Task details: Lines from the one containing "Some of the text" through the final line of the records are the only ones to copy, and each must match exactly.

Referring expression grounding data:

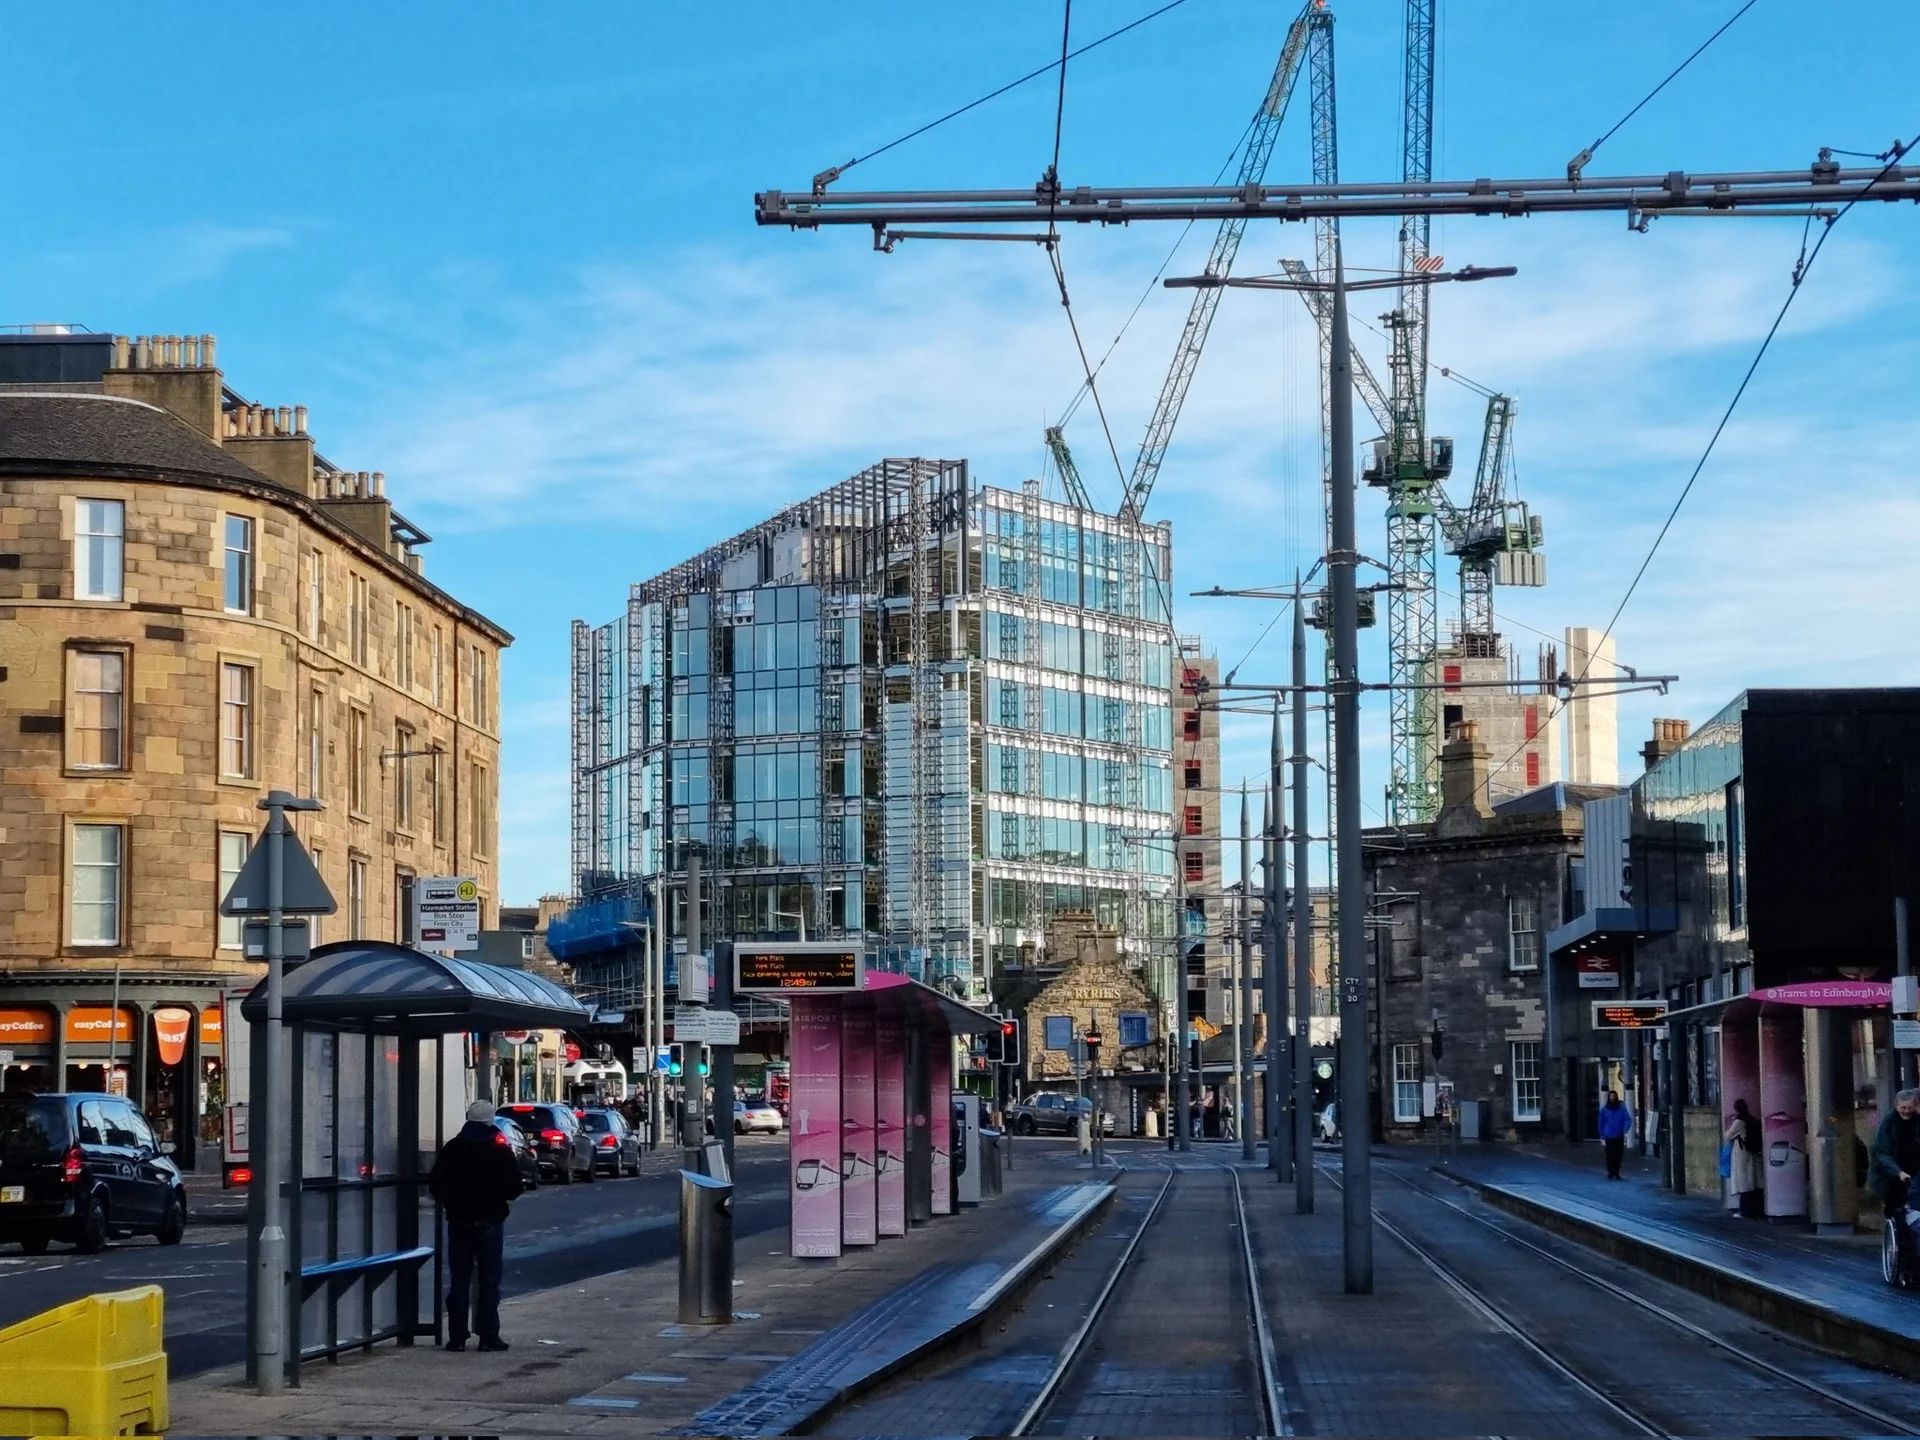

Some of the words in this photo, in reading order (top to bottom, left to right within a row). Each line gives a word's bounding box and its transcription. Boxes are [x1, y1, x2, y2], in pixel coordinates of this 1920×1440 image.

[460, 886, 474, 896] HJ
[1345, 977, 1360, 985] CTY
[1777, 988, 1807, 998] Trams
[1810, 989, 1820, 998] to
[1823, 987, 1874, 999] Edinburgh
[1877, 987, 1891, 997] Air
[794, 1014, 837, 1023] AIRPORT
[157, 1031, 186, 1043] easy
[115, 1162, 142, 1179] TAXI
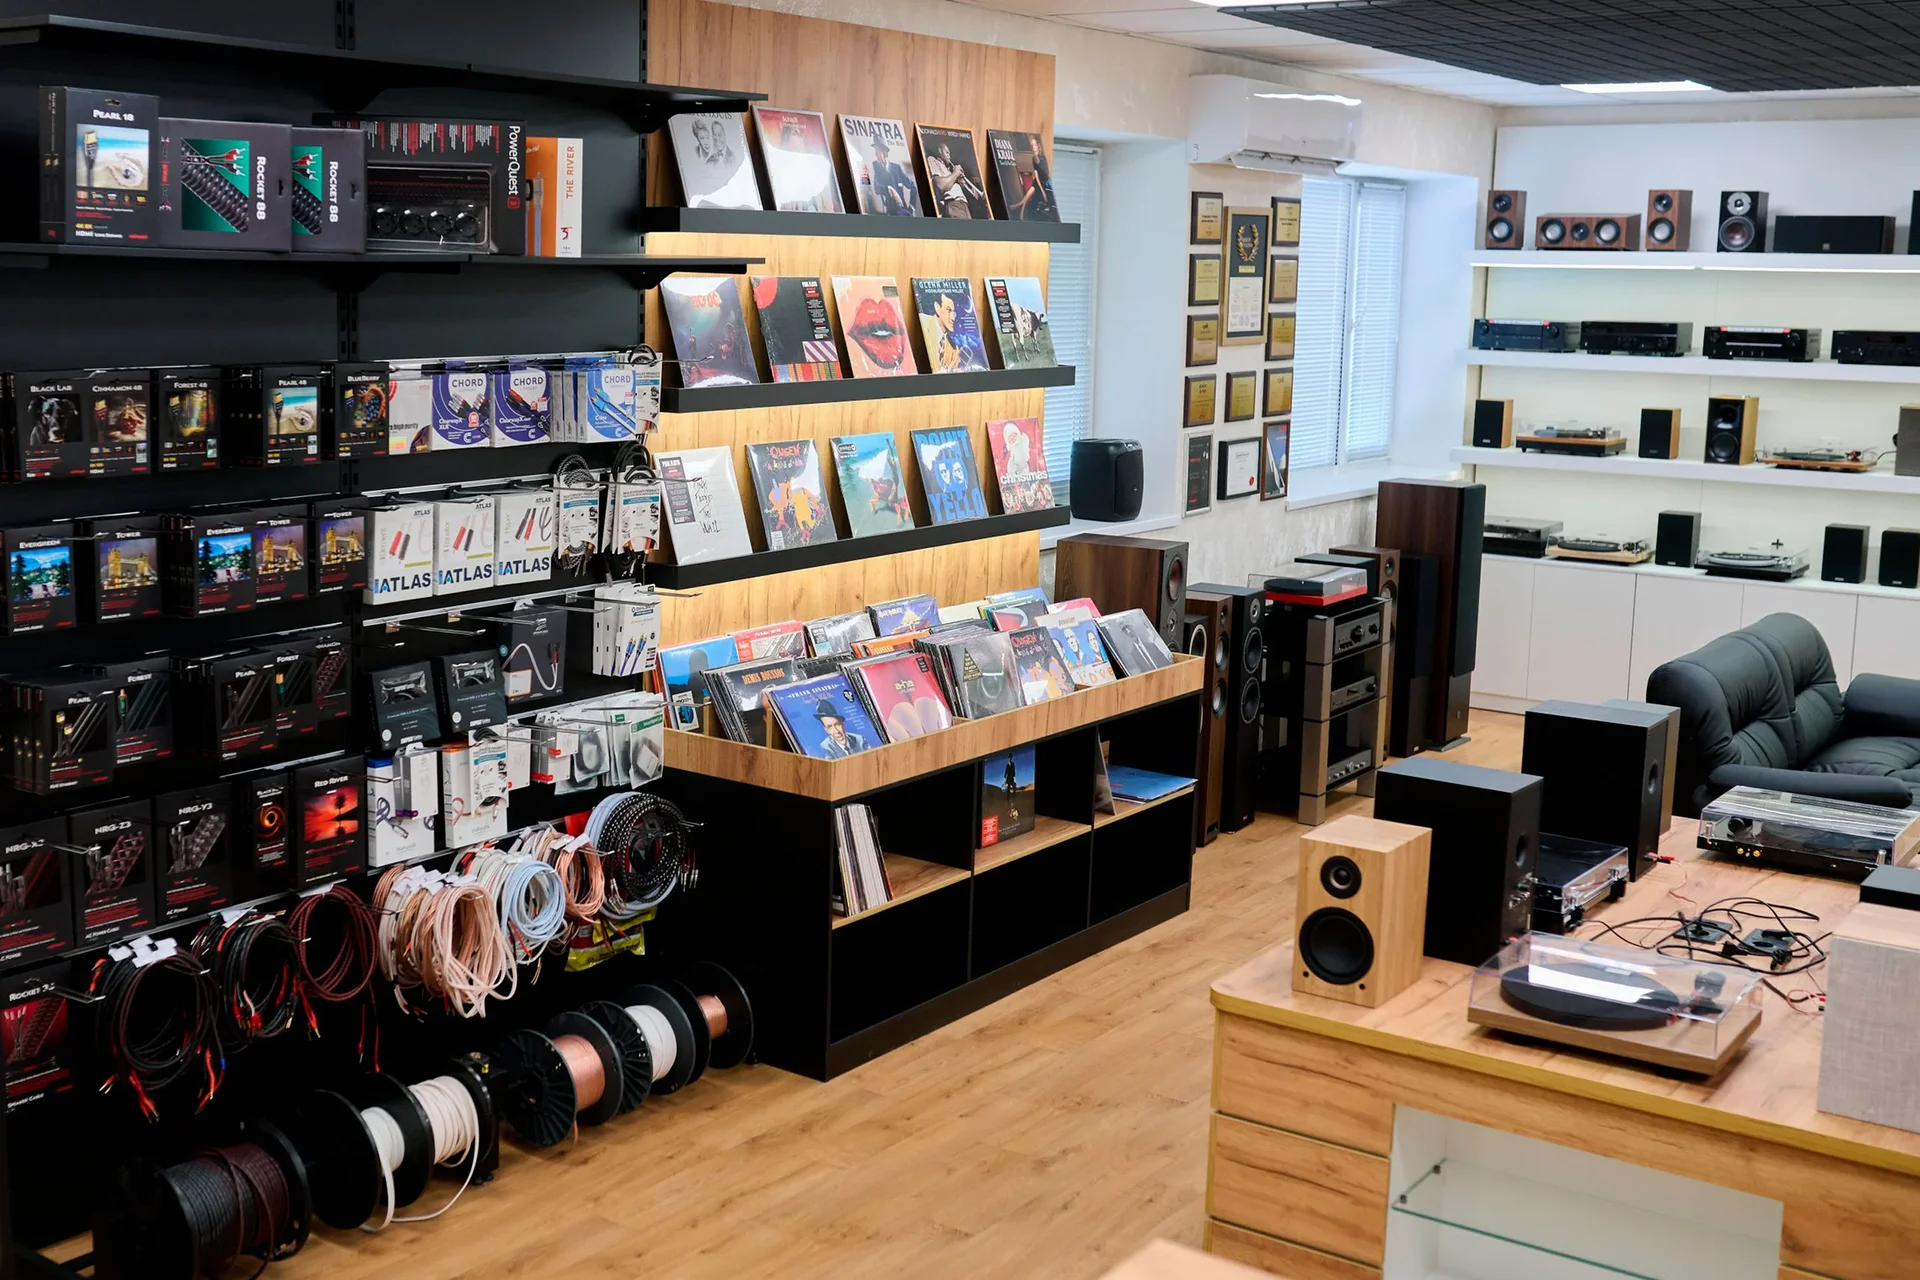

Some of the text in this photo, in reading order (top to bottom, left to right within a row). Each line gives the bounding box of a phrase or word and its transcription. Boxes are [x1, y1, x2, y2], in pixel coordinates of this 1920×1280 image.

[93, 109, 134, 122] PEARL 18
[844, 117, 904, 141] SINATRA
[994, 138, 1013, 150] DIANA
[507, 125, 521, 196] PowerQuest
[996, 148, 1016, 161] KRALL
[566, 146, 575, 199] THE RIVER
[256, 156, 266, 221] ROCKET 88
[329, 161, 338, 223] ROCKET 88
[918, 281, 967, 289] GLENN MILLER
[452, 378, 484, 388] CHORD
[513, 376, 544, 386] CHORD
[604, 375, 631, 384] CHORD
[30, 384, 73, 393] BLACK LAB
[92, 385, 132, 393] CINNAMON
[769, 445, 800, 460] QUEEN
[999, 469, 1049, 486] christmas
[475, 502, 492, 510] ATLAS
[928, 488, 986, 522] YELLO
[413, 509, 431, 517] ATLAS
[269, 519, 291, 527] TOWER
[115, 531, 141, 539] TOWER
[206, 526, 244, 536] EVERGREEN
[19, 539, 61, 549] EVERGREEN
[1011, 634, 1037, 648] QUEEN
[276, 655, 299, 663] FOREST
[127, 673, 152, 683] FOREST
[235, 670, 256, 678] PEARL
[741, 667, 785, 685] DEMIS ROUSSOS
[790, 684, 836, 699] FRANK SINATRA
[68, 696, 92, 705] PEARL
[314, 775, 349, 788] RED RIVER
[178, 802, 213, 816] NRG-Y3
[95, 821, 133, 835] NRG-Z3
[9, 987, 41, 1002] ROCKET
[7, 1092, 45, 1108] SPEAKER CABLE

Result:
Some of the text in this photo, in reading order (top to bottom, left to right within a row). Each line gives the bounding box of a phrase or word and its transcription. Boxes are [x1, y1, x2, y2], in pixel coordinates of this 1920×1280 image.

[93, 109, 134, 122] PEARL 18
[844, 117, 904, 141] SINATRA
[994, 138, 1013, 150] DIANA
[507, 125, 521, 196] PowerQuest
[996, 148, 1016, 161] KRALL
[566, 146, 575, 199] THE RIVER
[256, 156, 266, 221] ROCKET 88
[329, 161, 338, 223] ROCKET 88
[918, 281, 967, 289] GLENN MILLER
[452, 378, 484, 388] CHORD
[513, 376, 544, 386] CHORD
[604, 375, 631, 384] CHORD
[30, 384, 73, 393] BLACK LAB
[92, 385, 132, 393] CINNAMON
[769, 445, 800, 460] QUEEN
[999, 469, 1049, 486] christmas
[475, 502, 492, 510] ATLAS
[928, 488, 986, 522] YELLO
[413, 509, 431, 517] ATLAS
[269, 519, 291, 527] TOWER
[115, 531, 141, 539] TOWER
[206, 526, 244, 536] EVERGREEN
[19, 539, 61, 549] EVERGREEN
[1011, 634, 1037, 648] QUEEN
[276, 655, 299, 663] FOREST
[127, 673, 152, 683] FOREST
[235, 670, 256, 678] PEARL
[741, 667, 785, 685] DEMIS ROUSSOS
[790, 684, 836, 699] FRANK SINATRA
[68, 696, 92, 705] PEARL
[314, 775, 349, 788] RED RIVER
[178, 802, 213, 816] NRG-Y3
[95, 821, 133, 835] NRG-Z3
[9, 987, 41, 1002] ROCKET
[7, 1092, 45, 1108] SPEAKER CABLE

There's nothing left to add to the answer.